+++ EXERCISE DATA +++

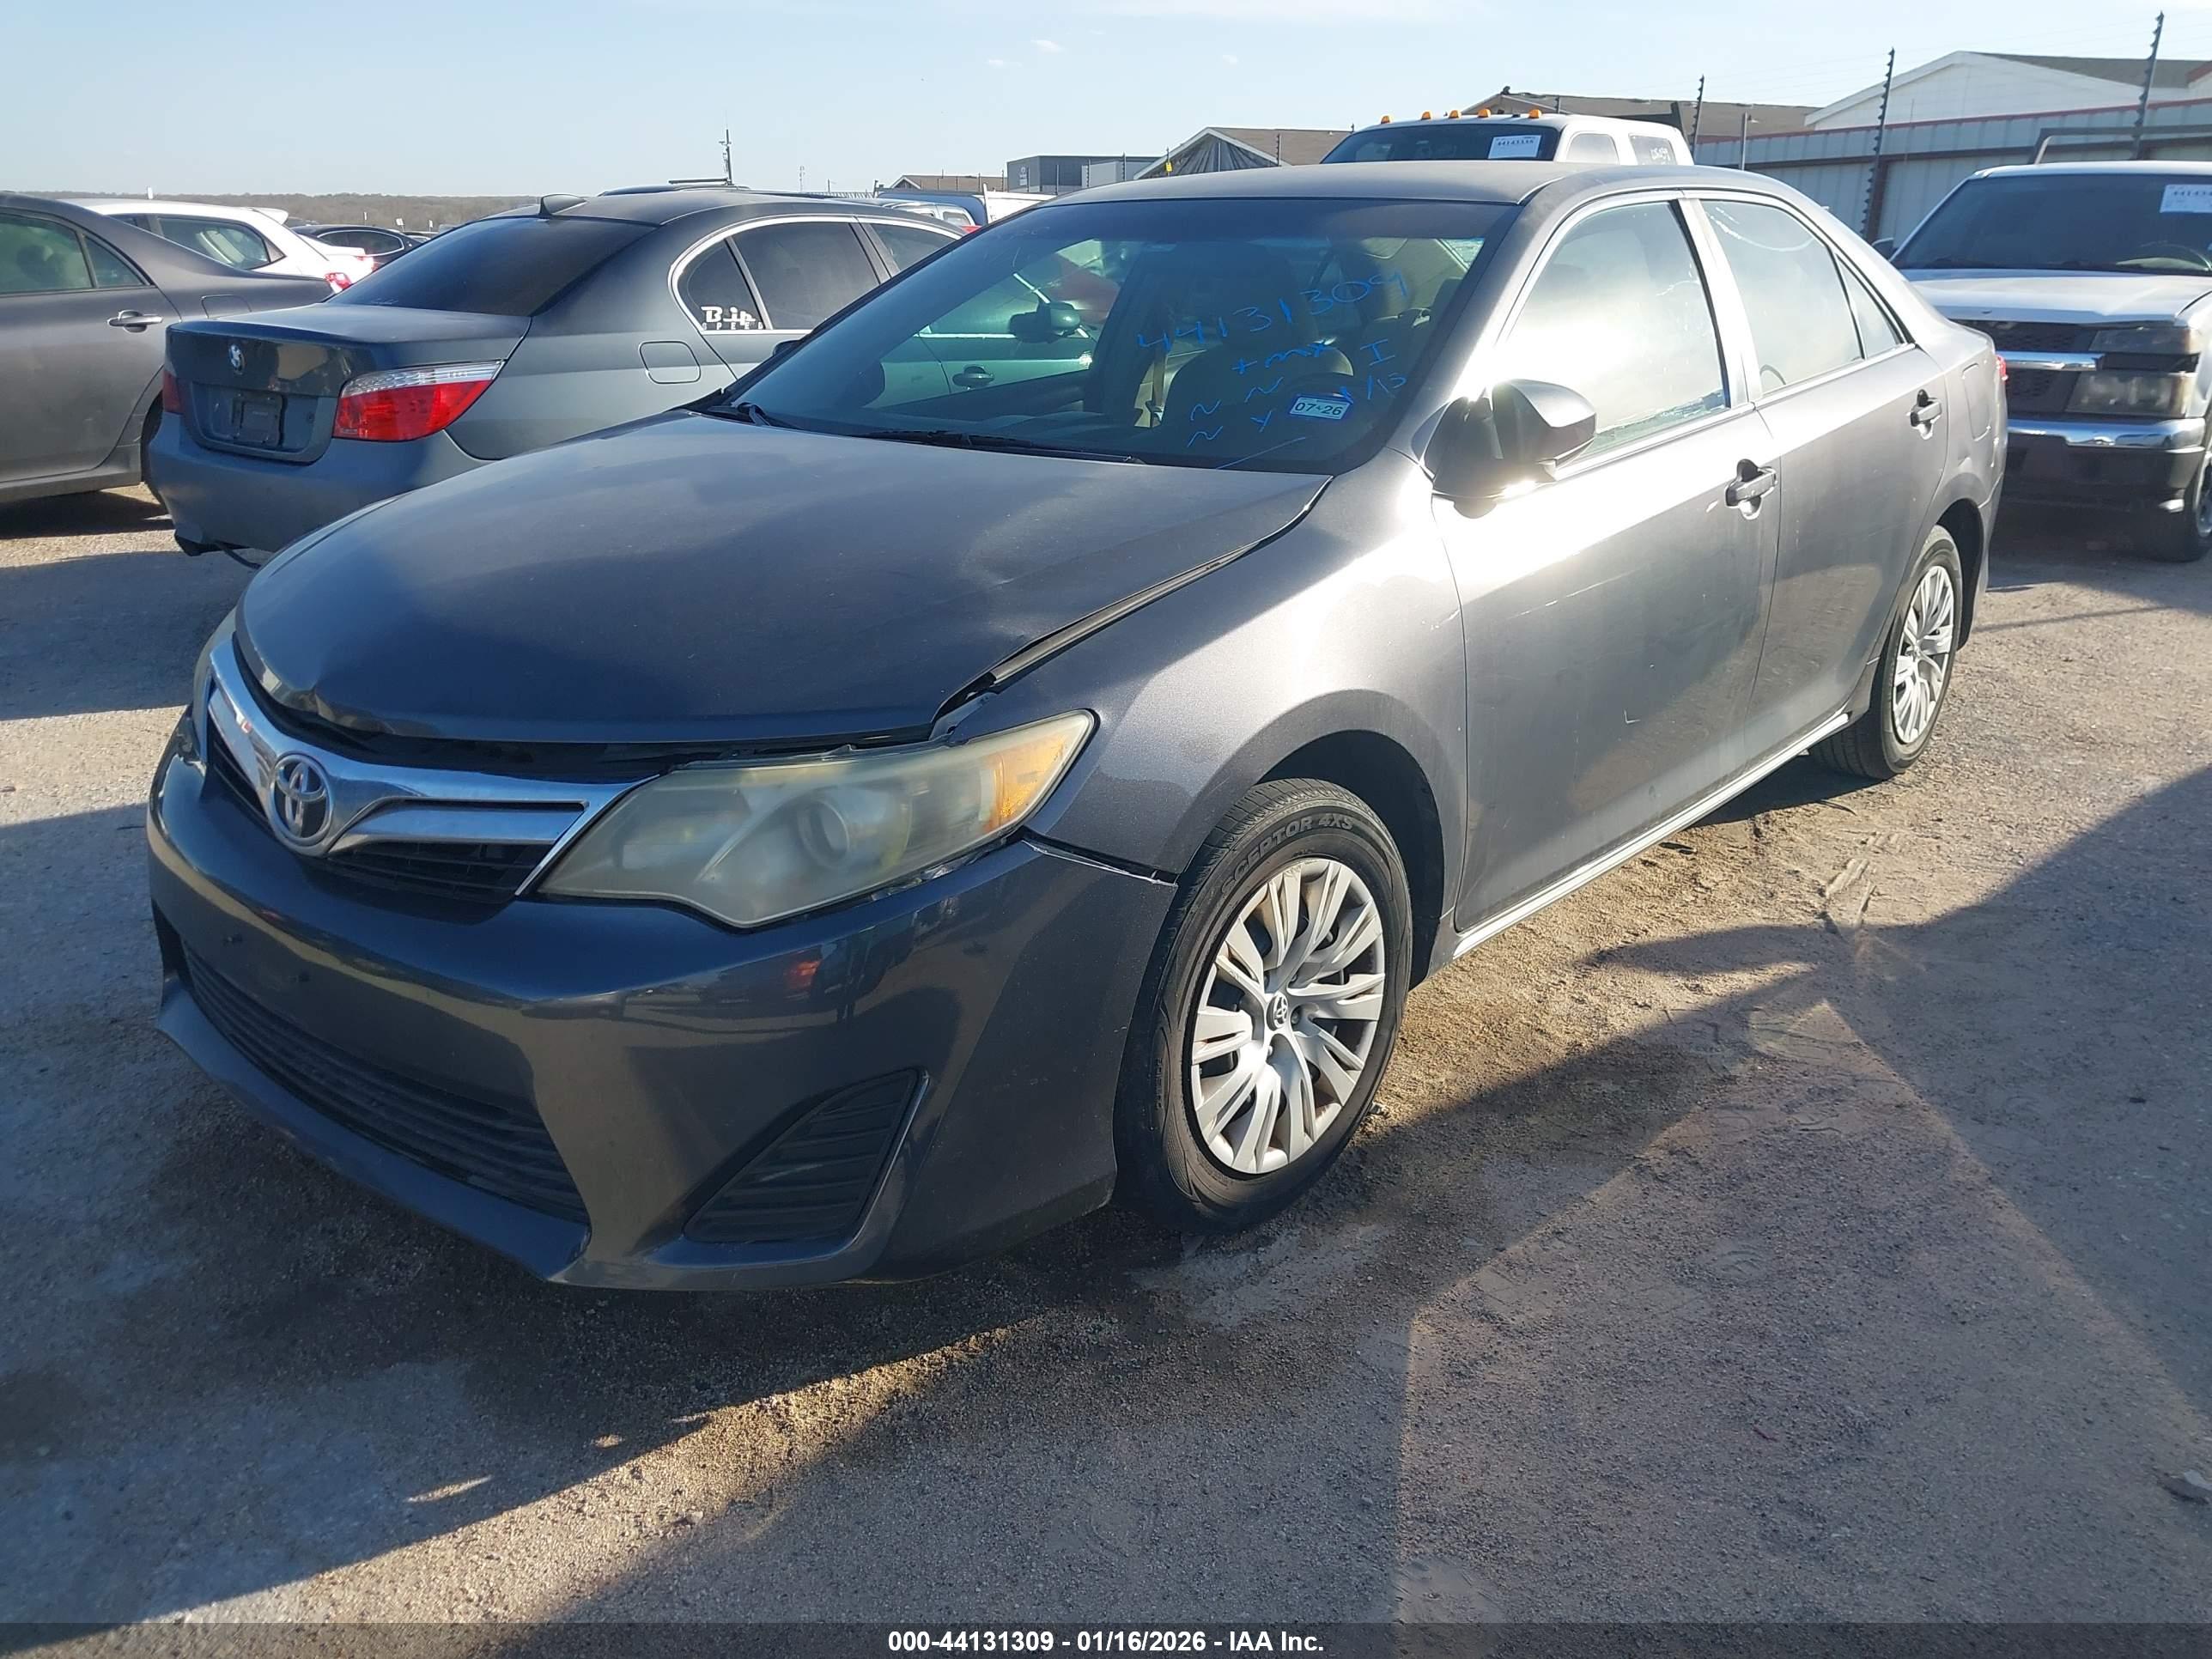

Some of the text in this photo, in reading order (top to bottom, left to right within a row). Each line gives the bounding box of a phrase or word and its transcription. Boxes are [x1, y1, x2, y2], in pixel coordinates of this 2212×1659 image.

[1137, 272, 1407, 351] 44131309
[1220, 812, 1354, 893] SCEPTOR 4XS
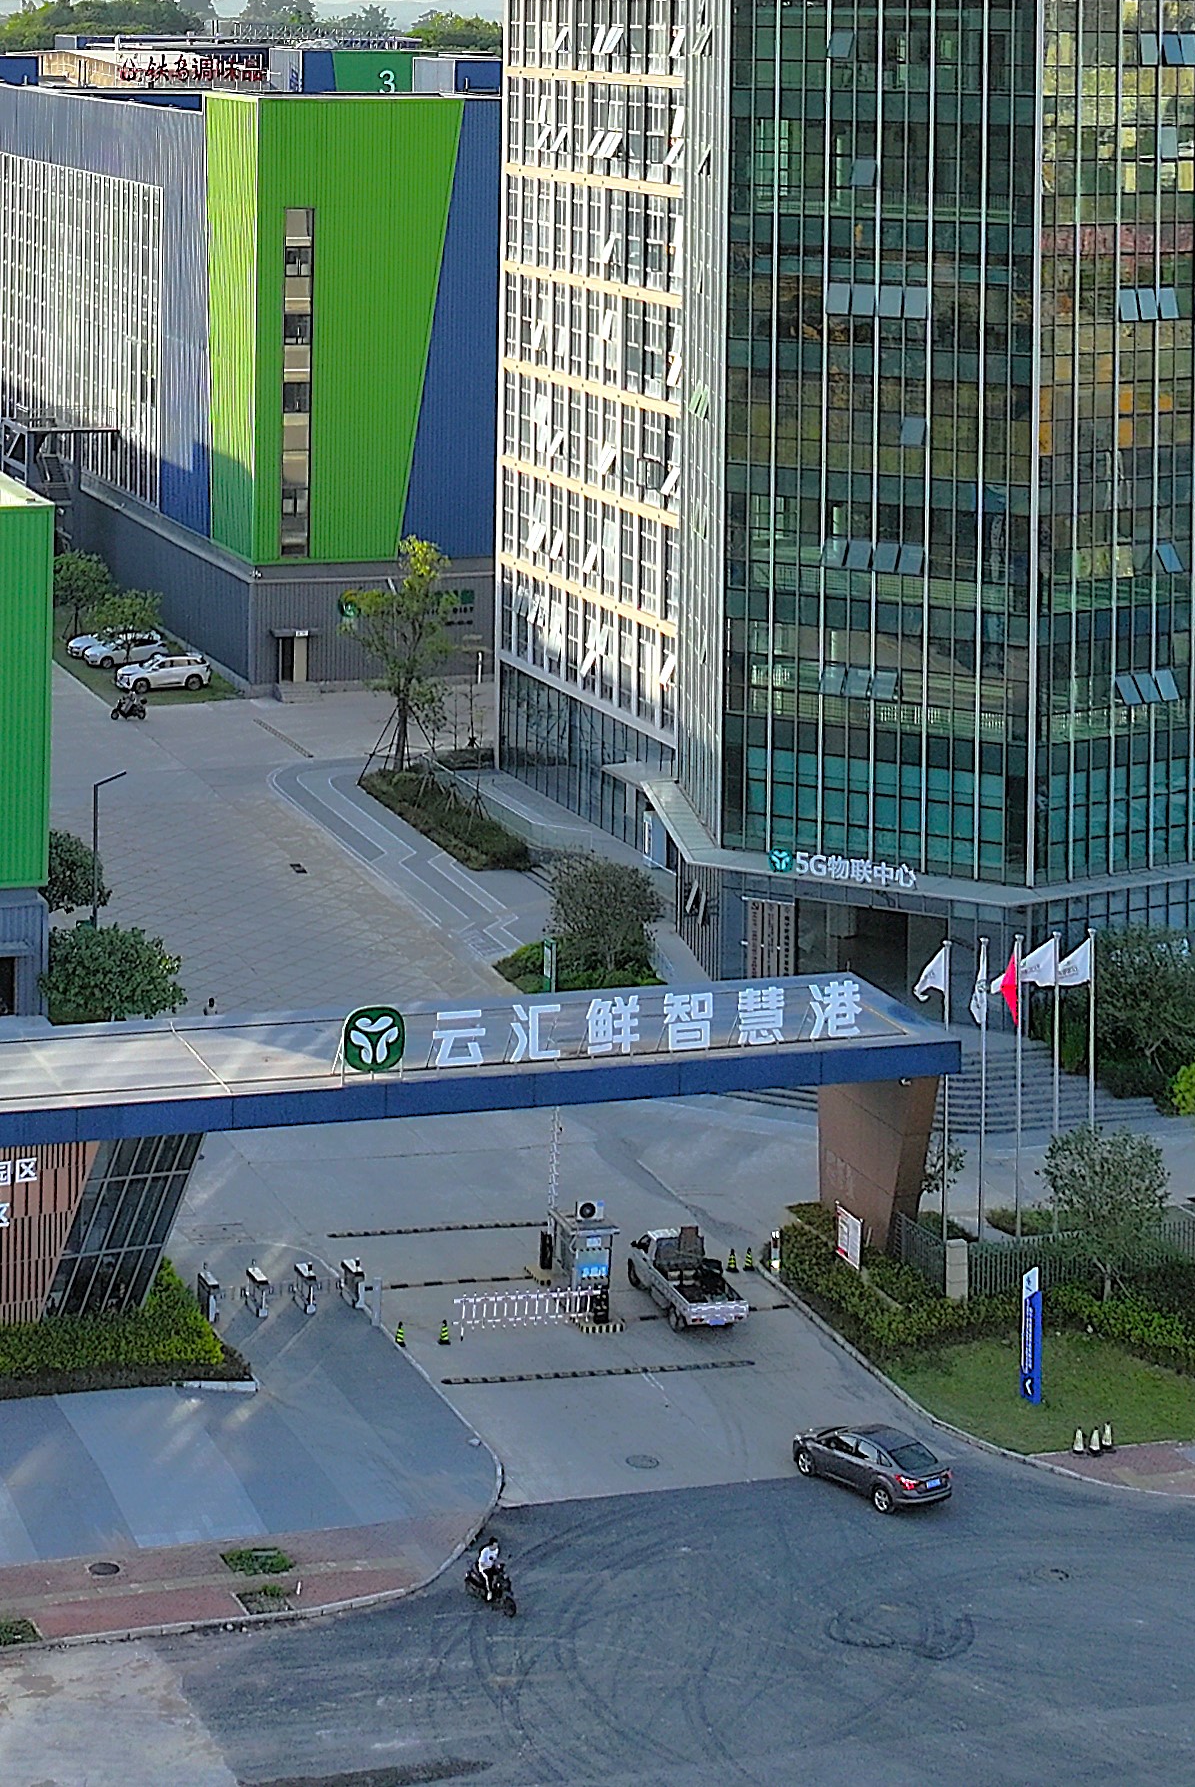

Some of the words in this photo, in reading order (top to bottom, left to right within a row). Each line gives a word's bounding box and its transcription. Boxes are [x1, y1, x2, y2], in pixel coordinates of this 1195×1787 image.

[379, 70, 395, 93] 3
[796, 852, 917, 888] 5G物联中心
[432, 980, 863, 1067] 云汇鲜智慧港

+++

# WHAT YOU ARE ASKED TO DO
Print the listing exactly, minus its pictures.

# RESULT
Some of the text in this photo, in reading order (top to bottom, left to right within a row). Each line gives the bounding box of a phrase or word and its transcription. Boxes are [x1, y1, x2, y2], in pixel coordinates of this 2212×1659 image.

[1137, 272, 1407, 351] 44131309
[1220, 812, 1354, 893] SCEPTOR 4XS

Some of the words in this photo, in reading order (top to bottom, left to right within a row). Each line gives a word's bounding box and its transcription. Boxes are [x1, y1, x2, y2], in pixel coordinates of this 1195×1787 image.

[379, 70, 395, 93] 3
[796, 852, 917, 888] 5G物联中心
[432, 980, 863, 1067] 云汇鲜智慧港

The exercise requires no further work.